There is still no legal requirement in the UK to carry your passport with you all the time.
Traveling around I take it with me, as it is safer on my person than left behind in a hostel or even in a hotel room.
But when staying with friends I leave it in their house.
I do usually also carry my national (EU) ID card but have not needed that any time in the UK, apart from when checking in at hotels.
In your case I would leave it in the place you live. Your parents may well want it with them when they travel around or stay in a hotel which they do not trust, but if they can leave it in a safe place where you live it is acceptable by law.
When this question was asked not many people would ask for your age when going into a bar or buying alcohol, these days that is more the norm.
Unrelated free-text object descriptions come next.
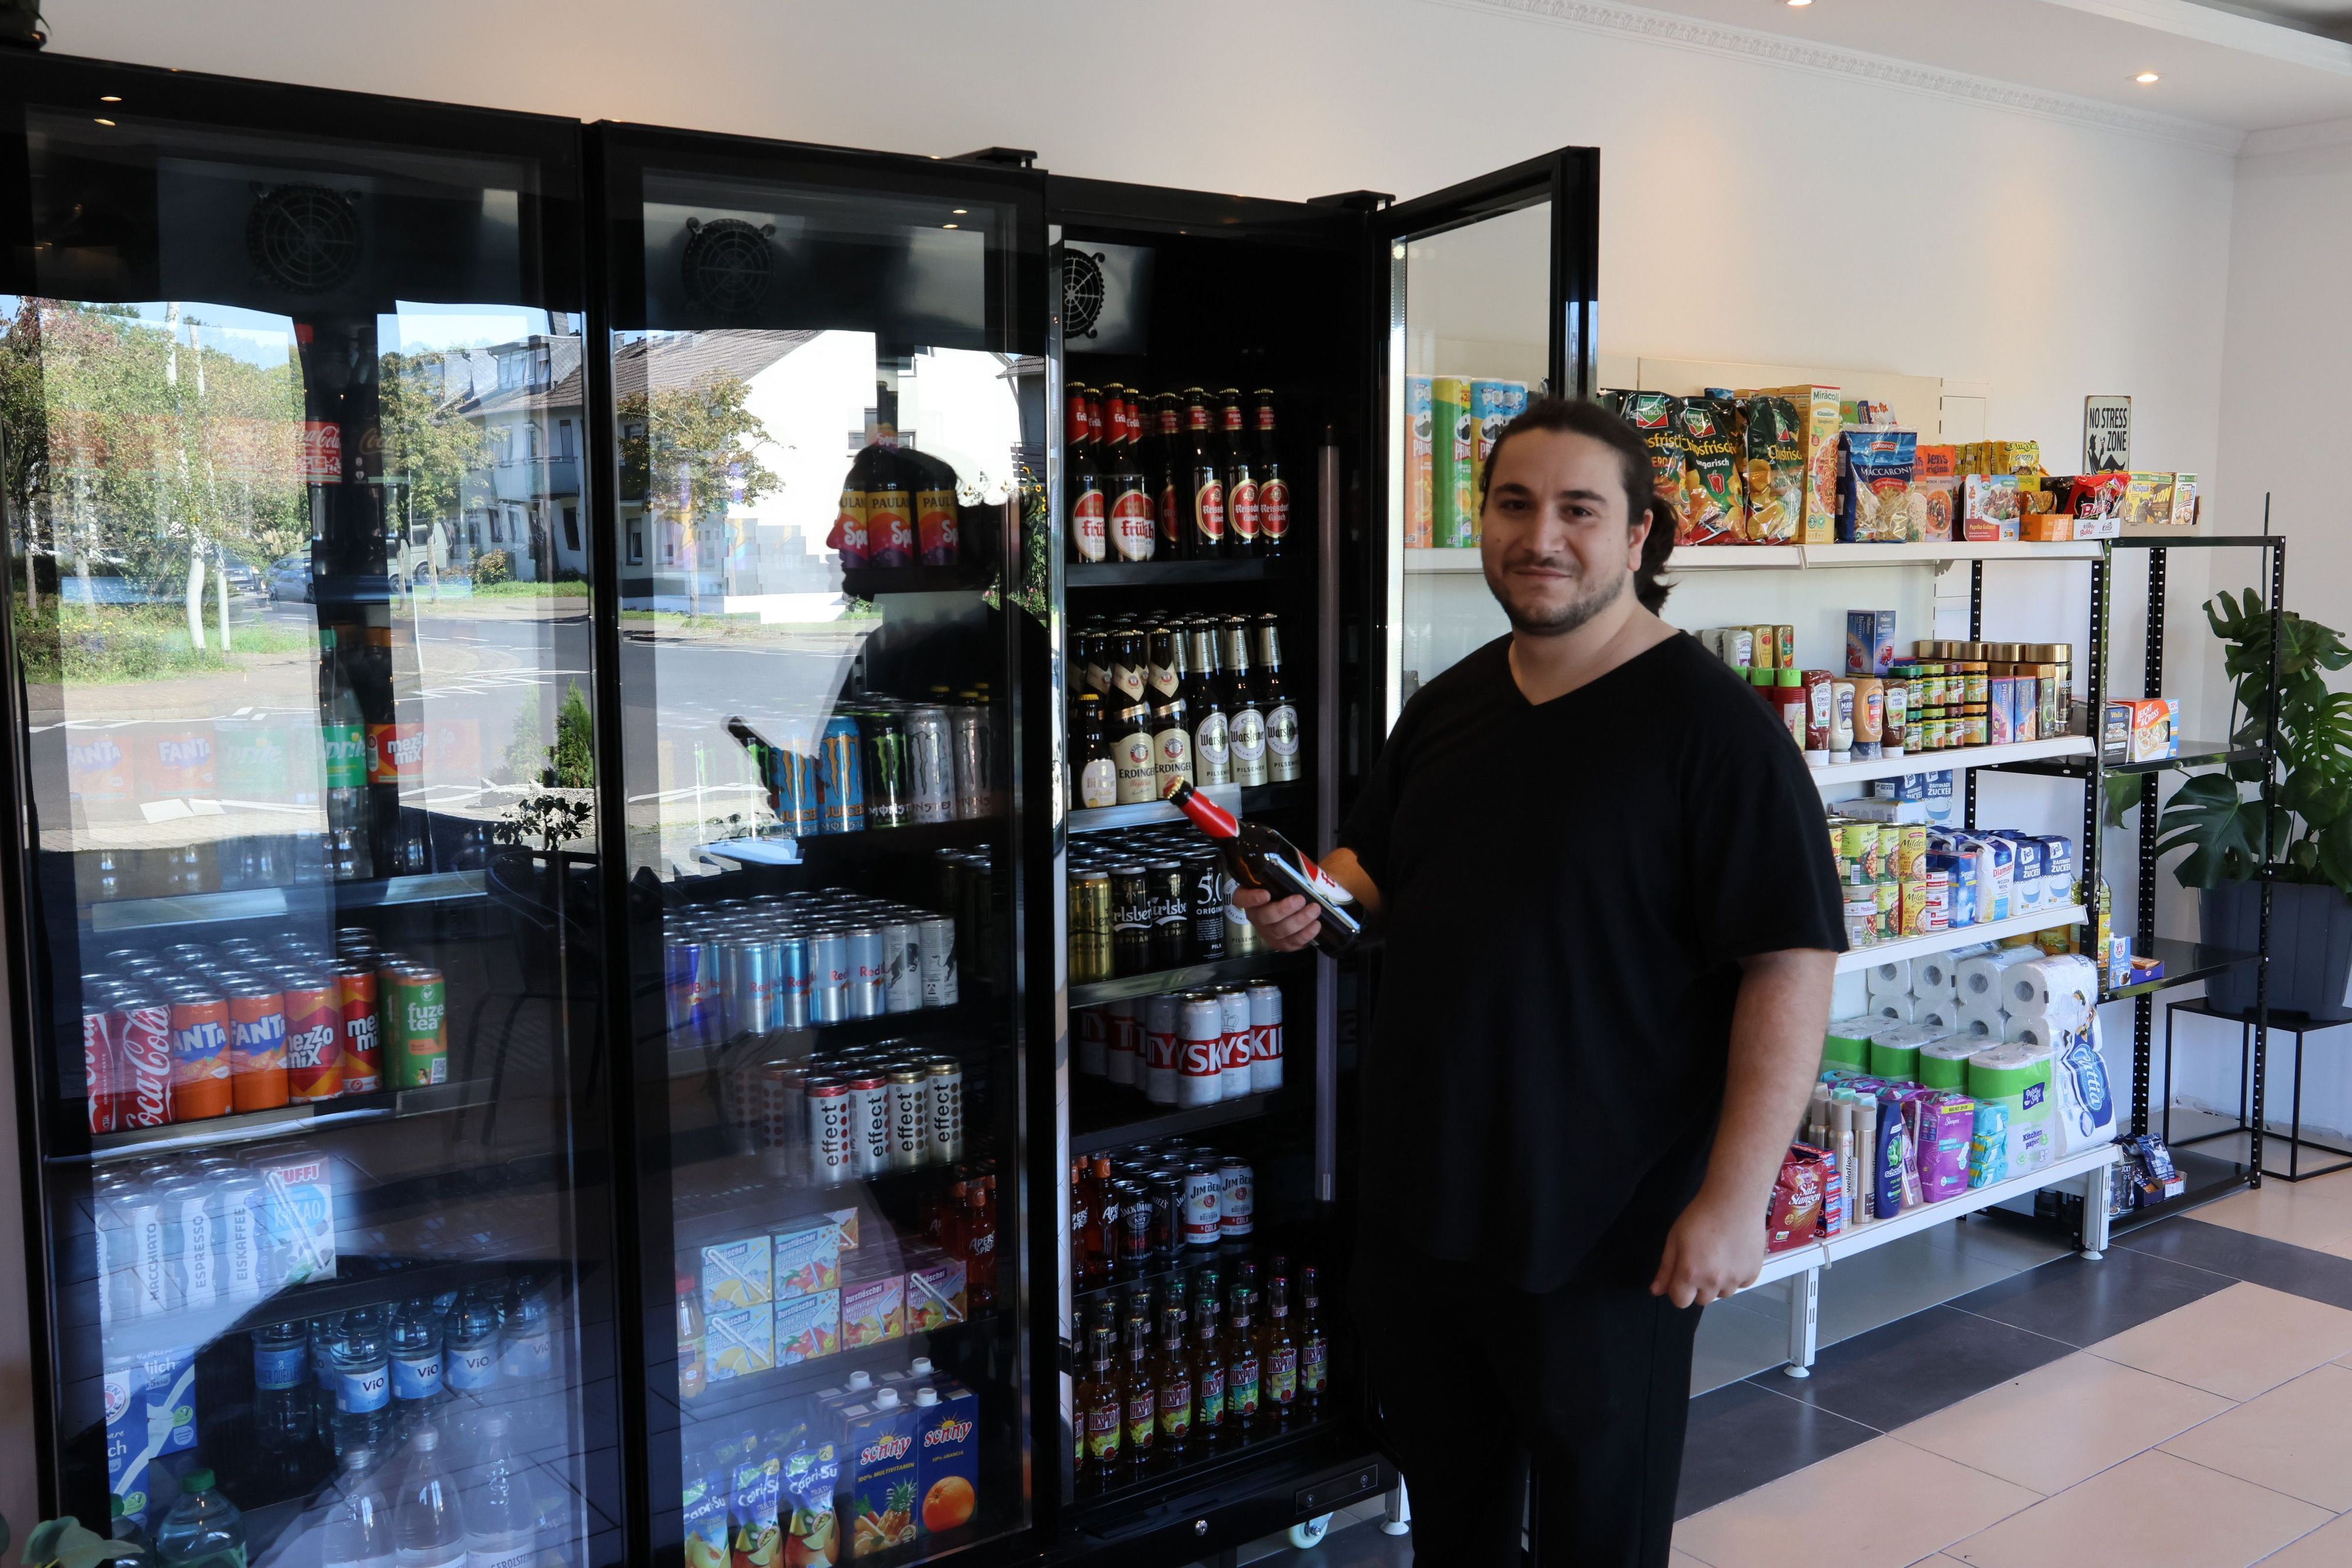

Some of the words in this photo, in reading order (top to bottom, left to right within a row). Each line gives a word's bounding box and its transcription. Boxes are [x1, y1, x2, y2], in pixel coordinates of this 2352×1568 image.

[1813, 390, 1839, 403] Mirácoli
[2089, 407, 2100, 429] NO
[2101, 407, 2127, 429] STRESS
[2107, 430, 2127, 452] ZONE
[1696, 457, 1729, 470] ungarisch
[2132, 484, 2150, 493] Nesquik
[2137, 703, 2153, 723] LEICHT
[2140, 708, 2160, 727] &CROSS
[2107, 722, 2126, 731] PROTEIN+
[1230, 729, 1264, 743] Warsteiner
[394, 748, 423, 766] mix
[2023, 847, 2032, 861] ja!
[2053, 842, 2061, 856] ja!
[1993, 862, 2014, 878] Diamant
[831, 969, 848, 981] Red
[408, 1002, 444, 1019] fuze
[409, 1017, 437, 1032] tea
[898, 1092, 913, 1152] effect
[934, 1084, 949, 1143] effect
[868, 1095, 883, 1158] effect
[822, 1104, 838, 1167] effect
[2023, 1129, 2043, 1142] Kitchen
[2026, 1138, 2040, 1150] paper
[1191, 1185, 1206, 1199] JIM
[1222, 1178, 1238, 1192] JIM
[1789, 1193, 1821, 1206] Stangen
[1236, 1216, 1250, 1225] COLA
[193, 1215, 205, 1289] ESPRESSO
[234, 1207, 247, 1281] EISKAFFEE
[146, 1223, 158, 1301] MACCHIATO
[846, 1285, 883, 1305] Durstlöscher
[924, 1421, 972, 1447] sonny
[860, 1436, 911, 1466] sonny
[858, 1473, 873, 1483] 100%
[873, 1462, 915, 1477] MULTIVITAMIN
So if you live in the UK for longer, are or look like you are under 30, best get a recognized ID with your age on it. Your passport, or in many cases a national ID card from home, should work, but as not everybody in the UK knows those, you may want to get a UK based age card or driving license.
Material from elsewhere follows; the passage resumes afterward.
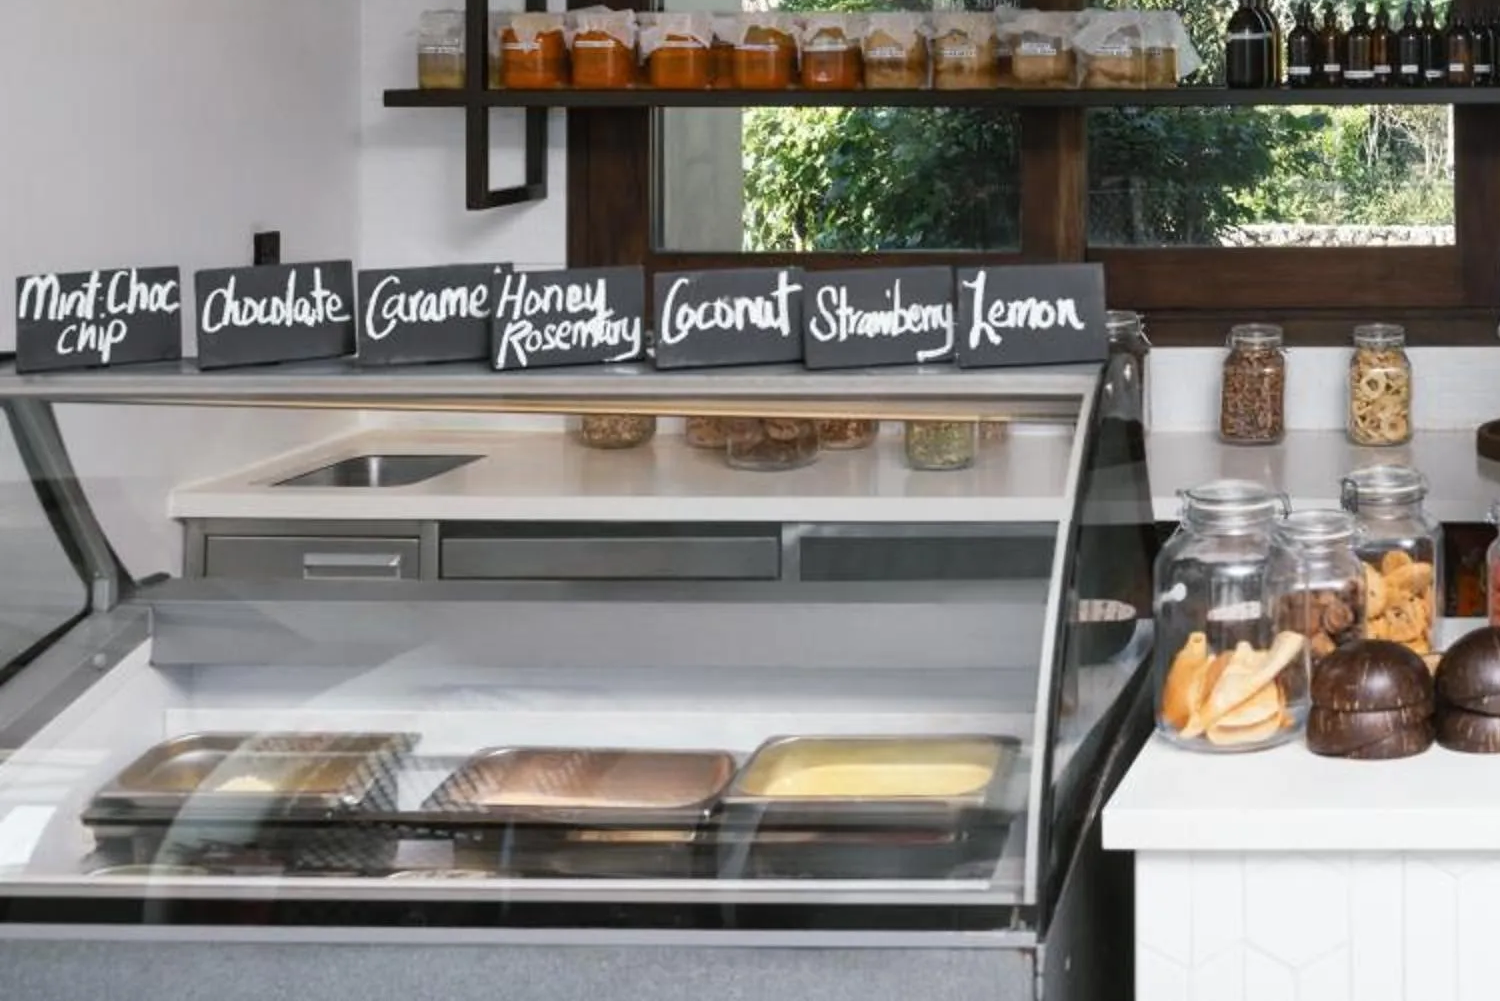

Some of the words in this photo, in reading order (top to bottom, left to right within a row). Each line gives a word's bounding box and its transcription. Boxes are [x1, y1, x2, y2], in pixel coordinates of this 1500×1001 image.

Car rental asks for passports for non-UK residents as a surety for where to bill you if you fail to return the car etc. Same with most of the hotels and self-catering places we stayed at last summer. They want to see it, and some take photocopies of it for their records. If you live in the UK, they have other resources to find you.
I’ve never needed to show my passport in the UK once I’ve arrived, and that includes checking in at hotels, arriving to visit a business, renting a car and so on. I have an obvious Canadian accent and do obvious tourist things in addition to occasionally doing business things. (With grown children, I never have to prove I’m old enough for anything.) In theory I had to show my passport to get my train pass validated, but I don’t remember them actually asking for it.
That is in stark contrast to the USA, where I quite often have to show it in fairly mundane circumstances. They’ll ask for a drivers license, and if yours is “out of state” then they want something else. Every hotel checkin, every car rental, picking up my badge at a conference, even buying sudafed at a drugstore all needed my passport. So clearly this varies from country to country.
Certainly not. As a foreigner who lived in the UK for four years, I definitely only needed my passport for international travel. I used my New Zealand photo driver’s license initially for ID (e.g., to get into a bar), and then my UK one. For opening bank accounts and others where you sometimes require two forms, then you bring your passport.
The UK is not like Russia or Uzbekistan where police on the street can and do stop you without cause and demand ID (in my case, six times in one day in Tashkent, Uzbekistan). And in the event they DO need your ID, a driver’s license generally suffices – or they can go with you to your place of residence to get your passport if you for some reason got into serious strife.
I can only think of a handful of cases that I needed my passport. To open a bank account, to prove my visa status for starting a new job, for renting a flat / staying in a hostel, and you definitely need it for hiring a car. I remember this one as I tried to argue it, but had to eventually go back home and get my passport. I wasn’t pleased.
You shouldn’t need your passport everywhere you go, and I wouldn’t risk carrying it with you at all times.
However, if you plan to go anywhere where you need to be at least 18 years old, you will need some form of identity. And in the UK passports and driving licenses are the most commonly used. A doorman at a bar wouldn’t accept a college identity. However you can apply for a UK identity card, such as CitizenCard, which means you don’t need to carry your passport with you.